Wednesday, January 25, 2012

Judge Rules Data on Hard Drives Not Protected


Judge Robert Blackburn, a federal judge in Colorado, ruled Tuesday that a Peyton, Colorado defendant had until the 21st of February to decrypt the hard drive of a laptop computer or face contempt of court and other potential consequences. 

What makes this unusual is that in other cases across the United States a person could "plead the Fifth" to refuse to answer a questions because the response could provide self-incriminating evidence of an illegal act. In this case, the woman is on record speaking about how her laptop contained incriminating evidence.

That aside, the ruling also flies in the face of previous rulings in the US have ruled that passwords would not have to be surrendered allowing individuals to protect themselves from self-incrimination. A ruling supporting this thought was provided by a federal judge in Michigan in March 2010. On the other hand, across the county in Vermont a year earlier, a federal judge ordered a defendant to unencrypt his files which in turn led to his conviction.

Questions of whether a defendant can be legally required to surrender his password or passphrase has led to rulings on both sides, but has yet to reach the Supreme Court. A common view is that if prosecutors can subpoena access to homes, cars, other lockable objects, why it should be any different from hard-drives or other encryption media. The opposing view is that the fifth amendment protection extends to defendant's mind prohibiting them from having to reveal the password or passphrase to decrypt the media.

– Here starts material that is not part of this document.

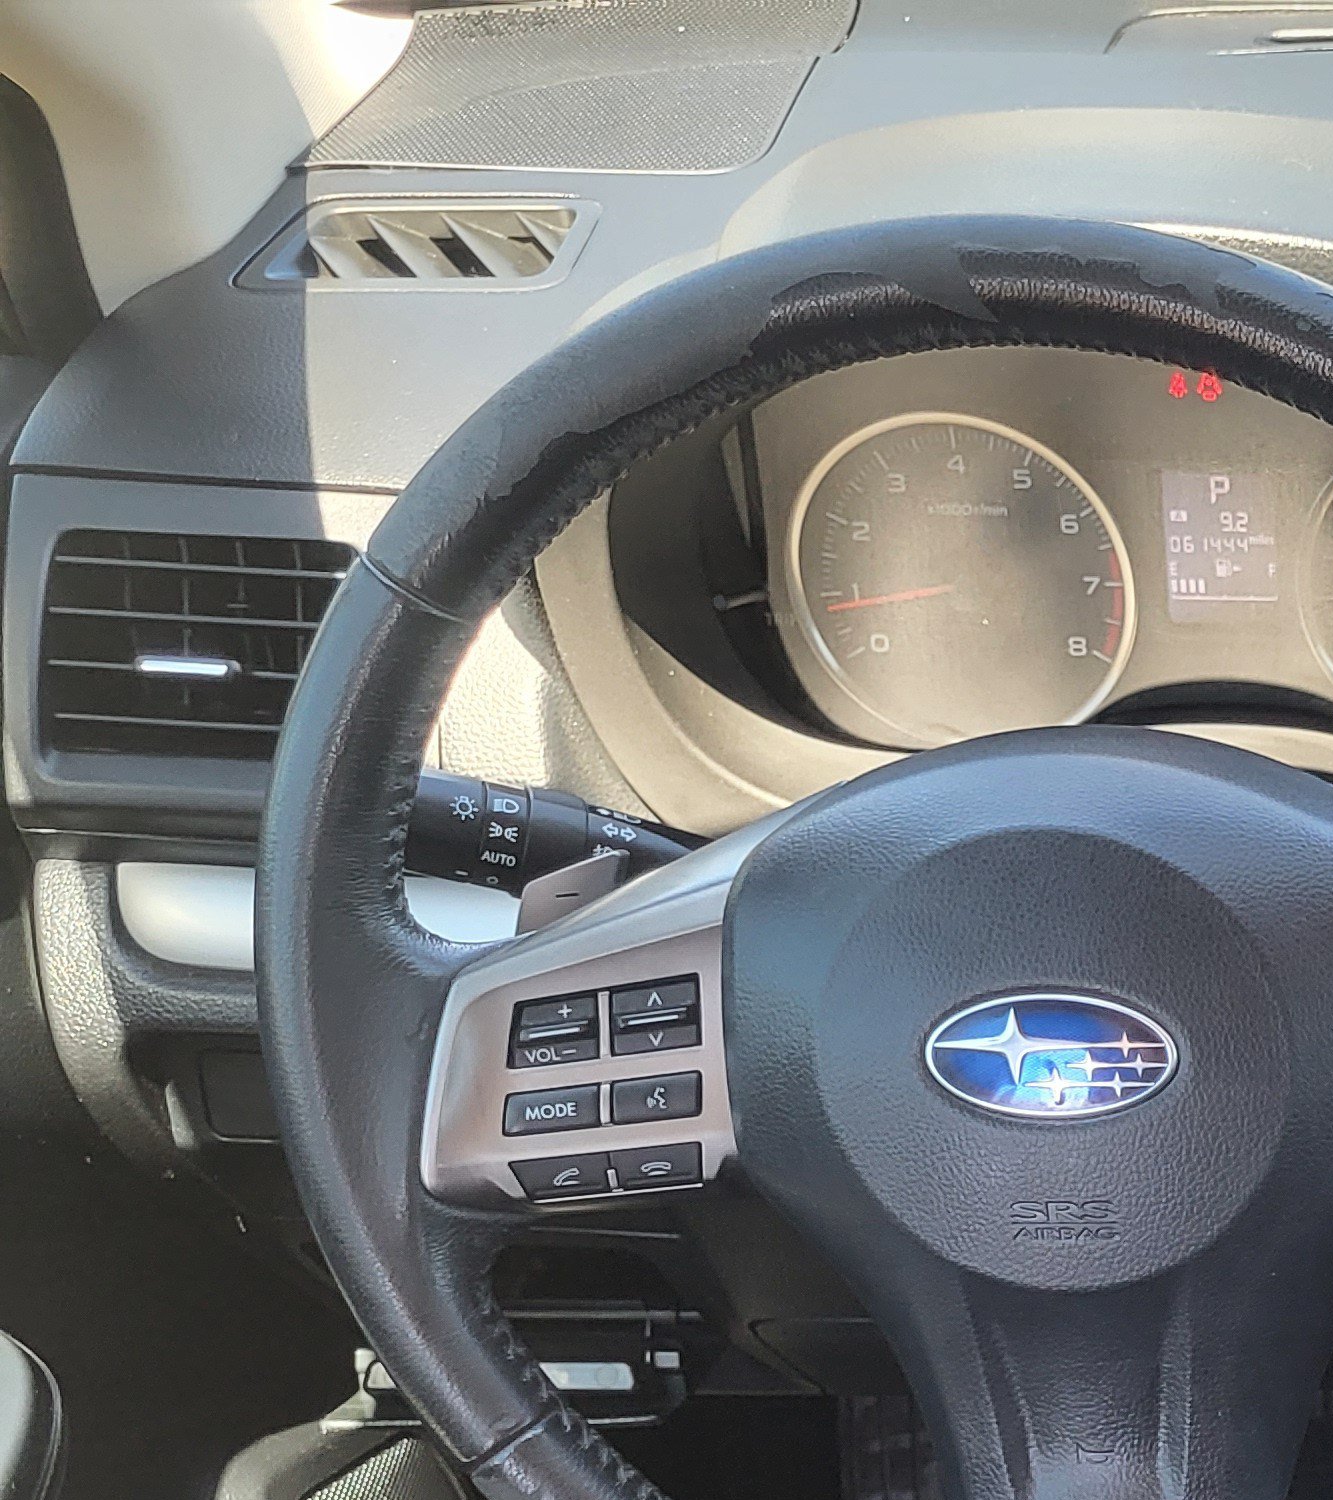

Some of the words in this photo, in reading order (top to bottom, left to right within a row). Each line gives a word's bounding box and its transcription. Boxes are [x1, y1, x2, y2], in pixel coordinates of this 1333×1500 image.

In the case of Judge Blackburn in Colorado, he ruled that forcing a defendant to decrypt a laptop so its contents can be inspected is essentially the same as producing any other type of evidence. In this case, the defendant is not required to write out or speak her password, only to enter it into the laptop. The prosecution in turn would still need to review and identify whether any illegal activity took place once the data is unencrypted.